完全に誓を格下と見た蒼衣は、この日米頂上決戦をもう勝った気でいた。
(リートリエルは確かに強いでしょう。でも、二対一にしてしまえばこちらのものですわ。悪く思わないで下さいましね。そんなパートナーを選んだあなたの落ち度でしてよ)
試合開始。
「別に構わないさ。光り導け。不知火」
誓の想いが静かに響き──
「主の栄光を謡え。アリエル」
フィリエーナがそれに続いて絆を具現する。
「守護精霊はきちんと召還出来るようですわね。しかもリンクまで出来るなんて……。どうやら、少しは楽しめそうですわ。美しく魅せなさい。舞姫!」
「勇ましく燃え盛れ。獅子王」
大きな火の蝶の守護精霊を召還した蒼衣と、火の雄獅子の守護精霊を召還した蒼衣の取り巻きの一人でもある環が、同じくリンクして戦闘態勢に入った。
早くも一部からはG線上の環さんと崇められていると噂もあり、意思の強そうな瞳と銀髪、そして巨乳が目を惹く。
昔、何処かで会った少女の面影を感じたが、かなりの美人になっている上に赤口家傘下の術士たちの目もあって、誓は未だにそのことについては話し掛けられずにいる。
(Sクラス一のG線上の旋律を奏でるムッチリ巨乳に目が行きがちだけど、女性のしなやかさを残しながらも引き締まったいいボディバランスをしている。相当考えて鍛えてるな。霊力値もSクラスではトップ下につけているし、測定では攻撃型という噂だった。少し手強いか?)

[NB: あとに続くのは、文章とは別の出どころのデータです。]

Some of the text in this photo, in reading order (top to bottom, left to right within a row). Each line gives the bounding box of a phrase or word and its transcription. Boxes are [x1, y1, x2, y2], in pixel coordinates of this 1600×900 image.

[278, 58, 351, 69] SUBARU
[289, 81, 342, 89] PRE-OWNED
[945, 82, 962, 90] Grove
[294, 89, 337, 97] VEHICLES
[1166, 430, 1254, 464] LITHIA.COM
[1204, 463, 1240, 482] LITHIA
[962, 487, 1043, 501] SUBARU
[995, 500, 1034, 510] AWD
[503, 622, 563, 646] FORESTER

極力魅惑のGに引き寄せられないように注意しつつ、片側の耳の後ろの部分だけ三つ編みにしている、全体的にやや跳ねっ毛の長い銀髪を流す環を見遣る誓。
長い横髪が胸に寄り掛かかるように脇腹まで流れる姿は、ペタ派ではない年頃の男子にとって、精霊術などよりも余程凶器に写る。
(く、惑わされるな炎導誓。確かに環さんの戦胸力は認めよう。だが、それと戦闘力とは別の問題だ。無論、紳士な俺は試合にかこつけて変なマネはしない……、よし行ける)

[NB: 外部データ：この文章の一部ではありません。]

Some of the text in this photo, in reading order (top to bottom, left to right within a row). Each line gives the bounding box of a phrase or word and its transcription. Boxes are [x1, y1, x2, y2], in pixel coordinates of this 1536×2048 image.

「先ずは、この私になめた真似をしてくれた似非術士に格の違いを教えて差し上げますわ!」
ペタに類する蒼衣が颯爽と地を蹴り、環のGに意識を向けないよう精神を集中していた誓に向かって一気に肉薄する。
「砕けなさい!」
間を塞ぐように入った不知火を、蒼衣は一撃で粉砕した。
「赤口さんは補助型で攻撃値は低いのに、遠藤の守護精霊が一発で!」
「それだけ差があるということですわ」
外野の驚きの声に、蒼衣は意気揚々と答える。
「それに、100%の補助値を全て攻撃のサポートに回せば、総合的な攻撃力は跳ね上がる。攻撃値は低くとも補助値の高い補助型や陰陽型が食えない奴と評される所以だね」
慧が今の攻防について補足した。
「そうは言っても補助型の攻撃値が低いのは事実。基が低いものを補うことばかりに気を取られると、他が疎かになっちゃうのよね──彼女みたいに」
一方、慧の傍で見ていた希は、次の攻防について補足した。
慧が疑問の声を上げようと視線を移しかけるが──
「羽ばたけ不知火」
「なんですって!? このッ」
完全に破壊されたかに見えた守護精霊が復活して蒼衣に攻撃を行うという予想外の出来事に、視線が試合の場へと固定された。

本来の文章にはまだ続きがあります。